Hungarian Prime Minister Viktor Orbán speaks at a press conference.
Hungarian Prime Minister Viktor Orbán gives his first international press conference in Budapest on April 6. (Attila Kisbenedek/AFP via Getty Images)

Broder predicts that Italy may become more like Hungary under strongman Viktor Orbán, who Meloni considers a role model. “We’re more likely to see an erosion of democratic norms,” he said. He also worries that Meloni’s attitudes about immigration and non-white Europeans will be infectious. “It’s symbolic to have a country’s prime minister openly endorse racist ideas — obviously that’s going to filter through society as well.” He’s also uncomfortable with the fact that her party’s alliance with center-right parties the League (headed by anti-abortion, fervently anti-immigrant Matteo Salvini) and Silvio Berlusconi’s Forza Italia could give the right a large enough majority in the upcoming elections to alter Italy’s constitution, which Meloni has expressed she hopes to do.

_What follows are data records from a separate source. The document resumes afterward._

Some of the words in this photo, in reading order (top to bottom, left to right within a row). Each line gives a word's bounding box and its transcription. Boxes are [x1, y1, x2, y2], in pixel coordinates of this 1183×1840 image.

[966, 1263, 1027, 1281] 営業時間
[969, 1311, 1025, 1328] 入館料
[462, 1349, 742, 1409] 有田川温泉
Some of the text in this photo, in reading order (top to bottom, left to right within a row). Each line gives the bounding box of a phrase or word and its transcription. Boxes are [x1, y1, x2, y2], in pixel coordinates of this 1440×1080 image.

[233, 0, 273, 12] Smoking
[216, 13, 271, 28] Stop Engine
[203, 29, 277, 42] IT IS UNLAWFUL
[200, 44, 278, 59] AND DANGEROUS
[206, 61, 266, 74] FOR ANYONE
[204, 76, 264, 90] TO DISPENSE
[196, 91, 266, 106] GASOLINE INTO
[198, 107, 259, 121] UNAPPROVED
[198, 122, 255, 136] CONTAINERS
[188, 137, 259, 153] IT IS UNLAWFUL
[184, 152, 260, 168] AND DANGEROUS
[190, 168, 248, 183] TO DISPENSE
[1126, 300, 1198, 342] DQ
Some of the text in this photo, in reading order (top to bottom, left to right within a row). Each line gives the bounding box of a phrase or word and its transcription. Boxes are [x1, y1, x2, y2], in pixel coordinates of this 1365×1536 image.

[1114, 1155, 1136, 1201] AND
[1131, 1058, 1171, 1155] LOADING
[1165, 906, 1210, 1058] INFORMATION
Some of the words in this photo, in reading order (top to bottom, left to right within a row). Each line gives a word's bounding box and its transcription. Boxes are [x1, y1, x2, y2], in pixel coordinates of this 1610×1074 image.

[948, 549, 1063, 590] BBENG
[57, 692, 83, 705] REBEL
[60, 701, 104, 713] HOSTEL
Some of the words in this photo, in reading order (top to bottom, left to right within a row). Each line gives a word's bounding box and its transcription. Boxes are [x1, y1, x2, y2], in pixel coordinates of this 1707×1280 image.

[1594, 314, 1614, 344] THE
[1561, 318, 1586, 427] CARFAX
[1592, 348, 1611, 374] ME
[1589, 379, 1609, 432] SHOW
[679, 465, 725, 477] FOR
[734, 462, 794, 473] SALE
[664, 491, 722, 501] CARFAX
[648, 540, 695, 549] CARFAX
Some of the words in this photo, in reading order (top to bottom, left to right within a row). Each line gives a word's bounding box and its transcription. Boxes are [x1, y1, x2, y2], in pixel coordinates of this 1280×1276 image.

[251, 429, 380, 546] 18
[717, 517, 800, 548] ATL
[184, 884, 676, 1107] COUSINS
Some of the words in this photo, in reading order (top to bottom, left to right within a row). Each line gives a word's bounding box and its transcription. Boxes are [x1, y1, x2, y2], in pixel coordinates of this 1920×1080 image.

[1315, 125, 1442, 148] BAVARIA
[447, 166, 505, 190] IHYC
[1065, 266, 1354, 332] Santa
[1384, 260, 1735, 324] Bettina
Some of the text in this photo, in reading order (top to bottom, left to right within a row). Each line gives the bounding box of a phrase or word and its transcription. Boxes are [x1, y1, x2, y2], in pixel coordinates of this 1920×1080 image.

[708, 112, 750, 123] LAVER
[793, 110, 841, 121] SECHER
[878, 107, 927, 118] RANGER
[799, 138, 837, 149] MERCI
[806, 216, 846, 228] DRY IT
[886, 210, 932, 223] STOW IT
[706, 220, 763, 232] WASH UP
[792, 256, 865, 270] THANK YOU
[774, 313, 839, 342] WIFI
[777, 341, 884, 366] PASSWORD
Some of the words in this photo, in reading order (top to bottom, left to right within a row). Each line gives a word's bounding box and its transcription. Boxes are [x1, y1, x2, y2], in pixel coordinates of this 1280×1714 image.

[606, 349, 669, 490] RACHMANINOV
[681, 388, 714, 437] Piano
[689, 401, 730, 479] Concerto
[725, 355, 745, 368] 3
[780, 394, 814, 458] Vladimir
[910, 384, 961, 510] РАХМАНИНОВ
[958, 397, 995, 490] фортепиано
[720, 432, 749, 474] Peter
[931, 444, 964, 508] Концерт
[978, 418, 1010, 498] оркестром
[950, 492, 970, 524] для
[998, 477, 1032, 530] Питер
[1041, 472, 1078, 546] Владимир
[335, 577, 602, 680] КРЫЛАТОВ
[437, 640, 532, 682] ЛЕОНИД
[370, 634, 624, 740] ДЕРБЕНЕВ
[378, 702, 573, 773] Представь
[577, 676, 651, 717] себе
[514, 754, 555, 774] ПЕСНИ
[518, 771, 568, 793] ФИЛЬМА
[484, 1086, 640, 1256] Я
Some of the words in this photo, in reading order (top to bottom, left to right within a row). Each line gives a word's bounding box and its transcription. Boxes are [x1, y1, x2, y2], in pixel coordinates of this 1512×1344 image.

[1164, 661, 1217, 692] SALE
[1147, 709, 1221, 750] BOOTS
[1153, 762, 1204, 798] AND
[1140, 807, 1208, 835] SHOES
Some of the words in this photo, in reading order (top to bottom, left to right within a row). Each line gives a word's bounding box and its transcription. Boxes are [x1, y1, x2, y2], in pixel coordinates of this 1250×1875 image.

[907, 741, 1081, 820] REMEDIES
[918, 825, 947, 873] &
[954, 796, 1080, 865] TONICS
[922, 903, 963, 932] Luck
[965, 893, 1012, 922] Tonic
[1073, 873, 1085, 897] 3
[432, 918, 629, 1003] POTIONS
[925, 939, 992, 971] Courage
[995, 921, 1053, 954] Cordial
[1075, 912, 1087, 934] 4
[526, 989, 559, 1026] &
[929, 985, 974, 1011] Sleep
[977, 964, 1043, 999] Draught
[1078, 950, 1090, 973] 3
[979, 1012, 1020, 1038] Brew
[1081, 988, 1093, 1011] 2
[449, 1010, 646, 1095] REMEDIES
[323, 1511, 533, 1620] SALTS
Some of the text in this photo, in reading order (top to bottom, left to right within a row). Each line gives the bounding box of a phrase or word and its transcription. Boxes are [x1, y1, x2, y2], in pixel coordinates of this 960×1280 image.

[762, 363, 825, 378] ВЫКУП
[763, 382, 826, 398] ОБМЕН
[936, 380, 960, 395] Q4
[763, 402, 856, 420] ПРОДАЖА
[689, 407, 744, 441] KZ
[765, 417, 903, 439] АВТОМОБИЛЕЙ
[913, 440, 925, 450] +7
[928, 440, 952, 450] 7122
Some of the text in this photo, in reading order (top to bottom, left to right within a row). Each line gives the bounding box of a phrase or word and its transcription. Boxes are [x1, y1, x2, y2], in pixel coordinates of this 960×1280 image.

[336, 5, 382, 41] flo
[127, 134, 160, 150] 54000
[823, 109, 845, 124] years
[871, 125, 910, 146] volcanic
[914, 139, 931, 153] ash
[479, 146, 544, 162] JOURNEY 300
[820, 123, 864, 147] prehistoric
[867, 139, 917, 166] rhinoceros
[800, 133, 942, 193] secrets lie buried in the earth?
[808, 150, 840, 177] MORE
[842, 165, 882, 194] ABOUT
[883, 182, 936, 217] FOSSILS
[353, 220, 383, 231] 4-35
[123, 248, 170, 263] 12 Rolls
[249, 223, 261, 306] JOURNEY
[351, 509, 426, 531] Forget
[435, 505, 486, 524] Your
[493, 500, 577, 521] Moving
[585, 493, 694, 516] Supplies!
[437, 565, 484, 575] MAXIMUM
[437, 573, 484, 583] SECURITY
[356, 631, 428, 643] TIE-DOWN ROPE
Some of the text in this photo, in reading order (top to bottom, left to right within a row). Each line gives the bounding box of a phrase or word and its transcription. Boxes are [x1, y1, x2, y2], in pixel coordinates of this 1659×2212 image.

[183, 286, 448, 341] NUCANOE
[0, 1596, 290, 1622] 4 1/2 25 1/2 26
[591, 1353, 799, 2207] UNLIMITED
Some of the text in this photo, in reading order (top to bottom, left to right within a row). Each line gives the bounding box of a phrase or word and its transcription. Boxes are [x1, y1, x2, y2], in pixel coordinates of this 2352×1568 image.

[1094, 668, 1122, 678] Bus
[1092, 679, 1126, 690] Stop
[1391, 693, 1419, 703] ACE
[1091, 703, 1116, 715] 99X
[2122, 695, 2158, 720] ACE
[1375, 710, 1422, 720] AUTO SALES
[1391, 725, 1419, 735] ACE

Even though Meloni herself has softened her former Euroskeptic views and openly supports Ukraine while condemning Russia, Broder said, once in power those commitments will probably weaken. “You can see lots of potential split lines within the [potential] majority already,” he said. The League’s Salvini is already questioning sanctions against Russia, he pointed out, and “a big majority of voters for both Brothers of Italy and the League want to end those sanctions. Ultimately, when what’s perceived to be the consequences of those sanctions, including the blowback against energy in Europe, begins to make itself more harshly felt, then Meloni’s [pro-Ukraine] position is going to become difficult to maintain.”

Thus, the future Meloni government may go the way of the six governments that preceded it. But, Broder cautions, “it could last for years.”